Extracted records
^^^^

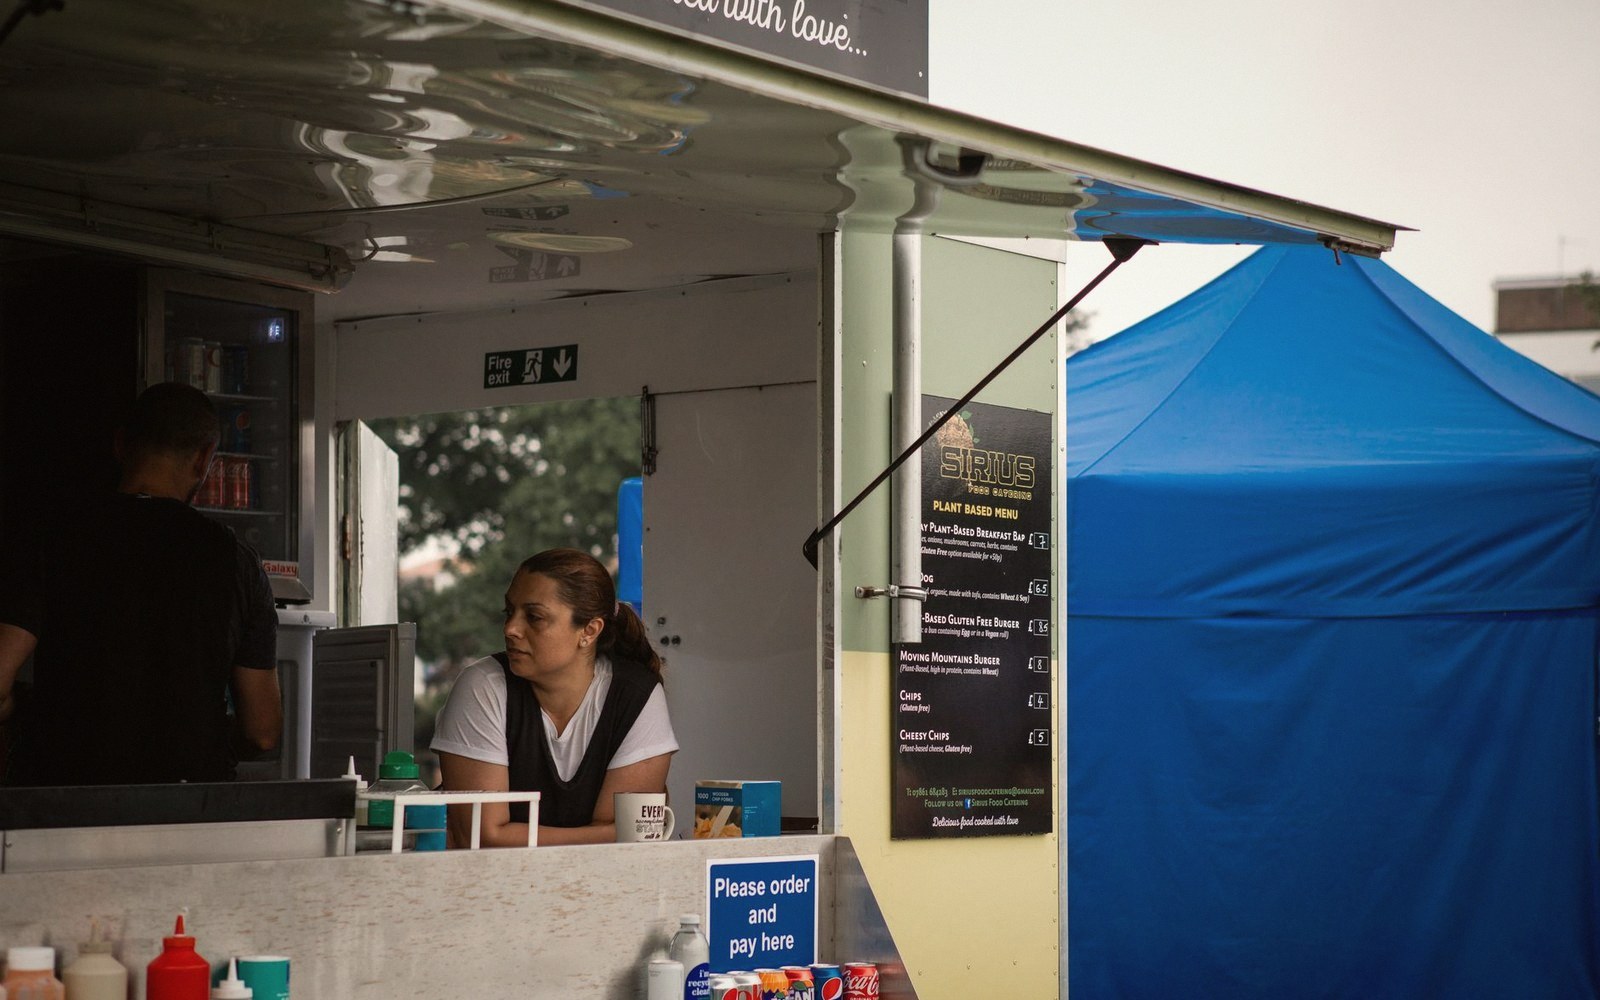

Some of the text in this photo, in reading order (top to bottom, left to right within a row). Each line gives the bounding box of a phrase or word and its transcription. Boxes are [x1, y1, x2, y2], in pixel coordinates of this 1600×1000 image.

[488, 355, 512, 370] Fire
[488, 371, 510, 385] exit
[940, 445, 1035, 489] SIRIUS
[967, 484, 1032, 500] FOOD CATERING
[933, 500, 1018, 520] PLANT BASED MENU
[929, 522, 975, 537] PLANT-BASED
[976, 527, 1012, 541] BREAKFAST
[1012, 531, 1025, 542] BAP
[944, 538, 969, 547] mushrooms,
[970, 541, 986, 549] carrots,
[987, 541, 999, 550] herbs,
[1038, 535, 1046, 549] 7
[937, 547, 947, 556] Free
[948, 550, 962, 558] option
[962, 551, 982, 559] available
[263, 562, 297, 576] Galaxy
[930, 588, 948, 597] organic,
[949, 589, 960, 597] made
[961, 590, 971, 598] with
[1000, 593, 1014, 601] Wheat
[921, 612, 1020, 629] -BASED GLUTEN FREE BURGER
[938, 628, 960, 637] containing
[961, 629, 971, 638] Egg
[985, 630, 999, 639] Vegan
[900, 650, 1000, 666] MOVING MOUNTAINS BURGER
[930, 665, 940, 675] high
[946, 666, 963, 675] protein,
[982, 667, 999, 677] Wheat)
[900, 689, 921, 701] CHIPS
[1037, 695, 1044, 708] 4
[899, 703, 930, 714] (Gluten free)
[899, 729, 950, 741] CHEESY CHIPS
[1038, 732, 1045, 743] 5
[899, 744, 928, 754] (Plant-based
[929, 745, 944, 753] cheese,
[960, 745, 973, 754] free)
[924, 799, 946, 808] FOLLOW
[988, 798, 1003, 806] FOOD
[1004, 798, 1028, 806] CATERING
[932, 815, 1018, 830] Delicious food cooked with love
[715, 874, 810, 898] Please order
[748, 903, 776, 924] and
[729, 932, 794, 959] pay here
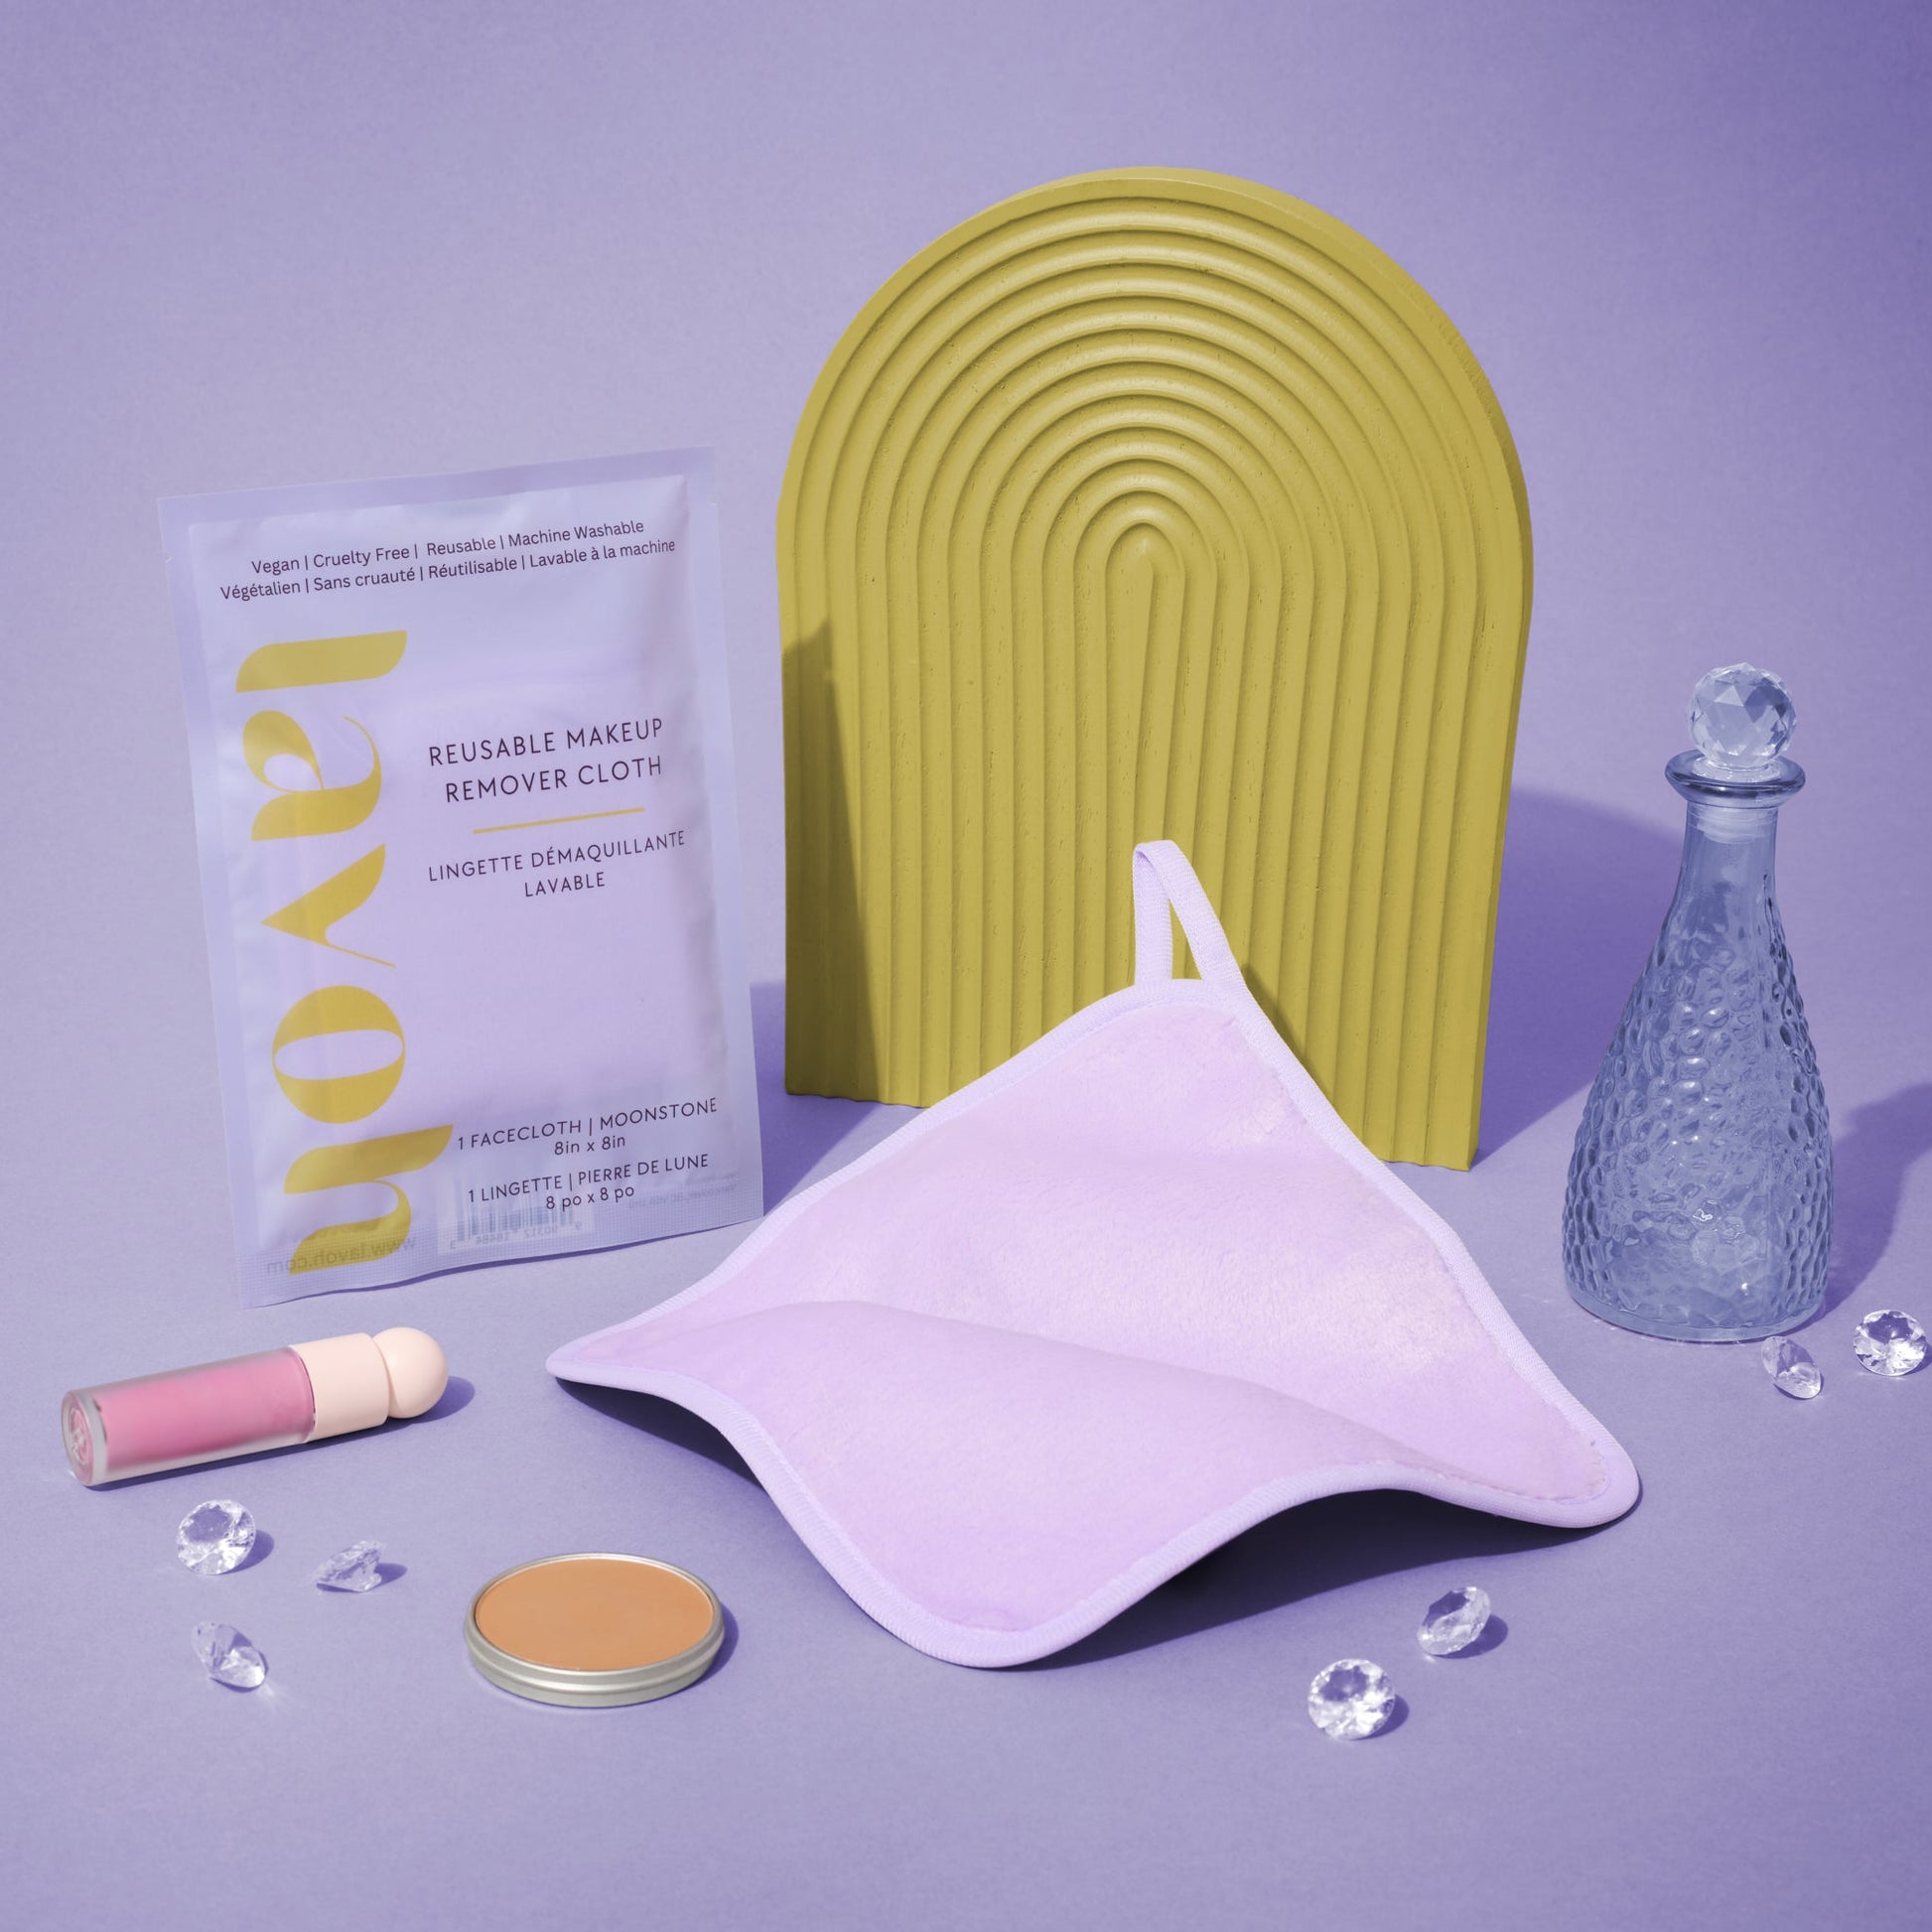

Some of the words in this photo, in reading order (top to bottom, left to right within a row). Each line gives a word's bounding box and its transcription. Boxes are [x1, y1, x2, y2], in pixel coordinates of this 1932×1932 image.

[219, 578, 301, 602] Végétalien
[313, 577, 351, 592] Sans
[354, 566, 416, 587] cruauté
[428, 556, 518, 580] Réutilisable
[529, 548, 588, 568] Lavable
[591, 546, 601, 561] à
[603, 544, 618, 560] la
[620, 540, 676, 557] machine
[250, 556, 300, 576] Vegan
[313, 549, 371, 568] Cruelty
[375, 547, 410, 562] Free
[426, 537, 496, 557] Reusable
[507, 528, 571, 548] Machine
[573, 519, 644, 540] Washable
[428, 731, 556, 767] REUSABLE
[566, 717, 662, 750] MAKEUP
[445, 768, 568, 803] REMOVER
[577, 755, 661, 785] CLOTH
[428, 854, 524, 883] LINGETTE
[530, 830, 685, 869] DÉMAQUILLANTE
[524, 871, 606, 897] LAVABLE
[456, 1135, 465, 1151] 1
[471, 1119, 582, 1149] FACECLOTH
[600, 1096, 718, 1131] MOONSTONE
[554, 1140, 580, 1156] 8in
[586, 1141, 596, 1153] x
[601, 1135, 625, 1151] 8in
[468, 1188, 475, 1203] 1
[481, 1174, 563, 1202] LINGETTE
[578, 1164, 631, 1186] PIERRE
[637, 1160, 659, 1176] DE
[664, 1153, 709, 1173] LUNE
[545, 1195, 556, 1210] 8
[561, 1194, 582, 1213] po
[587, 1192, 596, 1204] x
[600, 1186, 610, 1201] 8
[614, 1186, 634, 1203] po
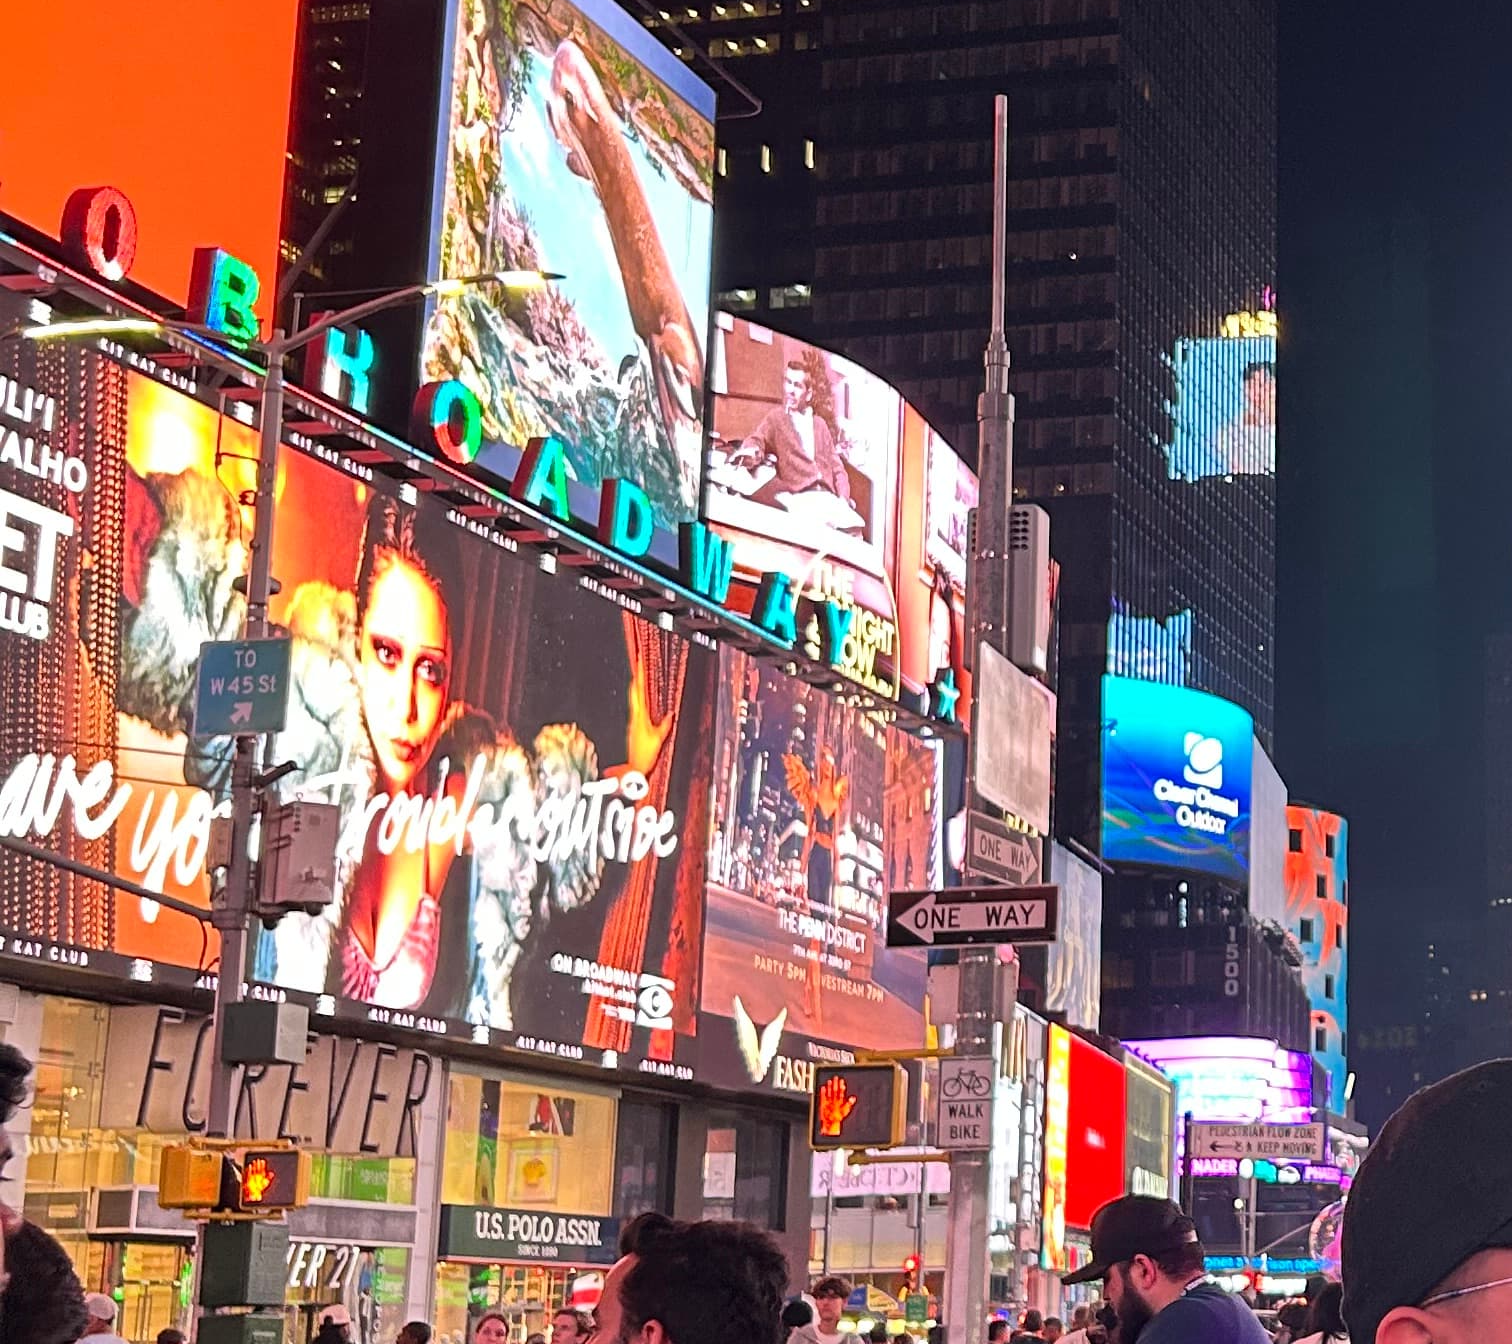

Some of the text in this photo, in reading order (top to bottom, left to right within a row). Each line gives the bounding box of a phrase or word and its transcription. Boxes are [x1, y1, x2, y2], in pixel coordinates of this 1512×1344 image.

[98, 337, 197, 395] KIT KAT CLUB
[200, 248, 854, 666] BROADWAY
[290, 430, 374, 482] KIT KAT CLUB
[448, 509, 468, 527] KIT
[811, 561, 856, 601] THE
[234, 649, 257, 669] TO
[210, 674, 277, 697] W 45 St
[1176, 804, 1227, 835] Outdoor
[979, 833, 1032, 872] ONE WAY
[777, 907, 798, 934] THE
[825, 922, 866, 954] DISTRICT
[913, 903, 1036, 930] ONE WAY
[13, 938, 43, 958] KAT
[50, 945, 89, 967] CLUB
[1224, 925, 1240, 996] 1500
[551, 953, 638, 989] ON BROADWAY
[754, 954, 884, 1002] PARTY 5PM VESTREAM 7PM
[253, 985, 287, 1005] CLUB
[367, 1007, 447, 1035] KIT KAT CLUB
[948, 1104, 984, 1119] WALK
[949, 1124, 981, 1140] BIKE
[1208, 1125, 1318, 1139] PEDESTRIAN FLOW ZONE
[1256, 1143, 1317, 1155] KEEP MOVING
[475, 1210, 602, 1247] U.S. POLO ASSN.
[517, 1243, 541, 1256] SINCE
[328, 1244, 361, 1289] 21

^^^^

Instructions for the task
Set down every record once more, word for word, without pictures.

Solution to the problem
Some of the text in this photo, in reading order (top to bottom, left to right within a row). Each line gives the bounding box of a phrase or word and its transcription. Boxes are [x1, y1, x2, y2], in pixel coordinates of this 1600×1000 image.

[488, 355, 512, 370] Fire
[488, 371, 510, 385] exit
[940, 445, 1035, 489] SIRIUS
[967, 484, 1032, 500] FOOD CATERING
[933, 500, 1018, 520] PLANT BASED MENU
[929, 522, 975, 537] PLANT-BASED
[976, 527, 1012, 541] BREAKFAST
[1012, 531, 1025, 542] BAP
[944, 538, 969, 547] mushrooms,
[970, 541, 986, 549] carrots,
[987, 541, 999, 550] herbs,
[1038, 535, 1046, 549] 7
[937, 547, 947, 556] Free
[948, 550, 962, 558] option
[962, 551, 982, 559] available
[263, 562, 297, 576] Galaxy
[930, 588, 948, 597] organic,
[949, 589, 960, 597] made
[961, 590, 971, 598] with
[1000, 593, 1014, 601] Wheat
[921, 612, 1020, 629] -BASED GLUTEN FREE BURGER
[938, 628, 960, 637] containing
[961, 629, 971, 638] Egg
[985, 630, 999, 639] Vegan
[900, 650, 1000, 666] MOVING MOUNTAINS BURGER
[930, 665, 940, 675] high
[946, 666, 963, 675] protein,
[982, 667, 999, 677] Wheat)
[900, 689, 921, 701] CHIPS
[1037, 695, 1044, 708] 4
[899, 703, 930, 714] (Gluten free)
[899, 729, 950, 741] CHEESY CHIPS
[1038, 732, 1045, 743] 5
[899, 744, 928, 754] (Plant-based
[929, 745, 944, 753] cheese,
[960, 745, 973, 754] free)
[924, 799, 946, 808] FOLLOW
[988, 798, 1003, 806] FOOD
[1004, 798, 1028, 806] CATERING
[932, 815, 1018, 830] Delicious food cooked with love
[715, 874, 810, 898] Please order
[748, 903, 776, 924] and
[729, 932, 794, 959] pay here

Some of the words in this photo, in reading order (top to bottom, left to right within a row). Each line gives a word's bounding box and its transcription. Boxes are [x1, y1, x2, y2], in pixel coordinates of this 1932×1932 image.

[219, 578, 301, 602] Végétalien
[313, 577, 351, 592] Sans
[354, 566, 416, 587] cruauté
[428, 556, 518, 580] Réutilisable
[529, 548, 588, 568] Lavable
[591, 546, 601, 561] à
[603, 544, 618, 560] la
[620, 540, 676, 557] machine
[250, 556, 300, 576] Vegan
[313, 549, 371, 568] Cruelty
[375, 547, 410, 562] Free
[426, 537, 496, 557] Reusable
[507, 528, 571, 548] Machine
[573, 519, 644, 540] Washable
[428, 731, 556, 767] REUSABLE
[566, 717, 662, 750] MAKEUP
[445, 768, 568, 803] REMOVER
[577, 755, 661, 785] CLOTH
[428, 854, 524, 883] LINGETTE
[530, 830, 685, 869] DÉMAQUILLANTE
[524, 871, 606, 897] LAVABLE
[456, 1135, 465, 1151] 1
[471, 1119, 582, 1149] FACECLOTH
[600, 1096, 718, 1131] MOONSTONE
[554, 1140, 580, 1156] 8in
[586, 1141, 596, 1153] x
[601, 1135, 625, 1151] 8in
[468, 1188, 475, 1203] 1
[481, 1174, 563, 1202] LINGETTE
[578, 1164, 631, 1186] PIERRE
[637, 1160, 659, 1176] DE
[664, 1153, 709, 1173] LUNE
[545, 1195, 556, 1210] 8
[561, 1194, 582, 1213] po
[587, 1192, 596, 1204] x
[600, 1186, 610, 1201] 8
[614, 1186, 634, 1203] po

Some of the text in this photo, in reading order (top to bottom, left to right within a row). Each line gives the bounding box of a phrase or word and its transcription. Boxes are [x1, y1, x2, y2], in pixel coordinates of this 1512×1344 image.

[98, 337, 197, 395] KIT KAT CLUB
[200, 248, 854, 666] BROADWAY
[290, 430, 374, 482] KIT KAT CLUB
[448, 509, 468, 527] KIT
[811, 561, 856, 601] THE
[234, 649, 257, 669] TO
[210, 674, 277, 697] W 45 St
[1176, 804, 1227, 835] Outdoor
[979, 833, 1032, 872] ONE WAY
[777, 907, 798, 934] THE
[825, 922, 866, 954] DISTRICT
[913, 903, 1036, 930] ONE WAY
[13, 938, 43, 958] KAT
[50, 945, 89, 967] CLUB
[1224, 925, 1240, 996] 1500
[551, 953, 638, 989] ON BROADWAY
[754, 954, 884, 1002] PARTY 5PM VESTREAM 7PM
[253, 985, 287, 1005] CLUB
[367, 1007, 447, 1035] KIT KAT CLUB
[948, 1104, 984, 1119] WALK
[949, 1124, 981, 1140] BIKE
[1208, 1125, 1318, 1139] PEDESTRIAN FLOW ZONE
[1256, 1143, 1317, 1155] KEEP MOVING
[475, 1210, 602, 1247] U.S. POLO ASSN.
[517, 1243, 541, 1256] SINCE
[328, 1244, 361, 1289] 21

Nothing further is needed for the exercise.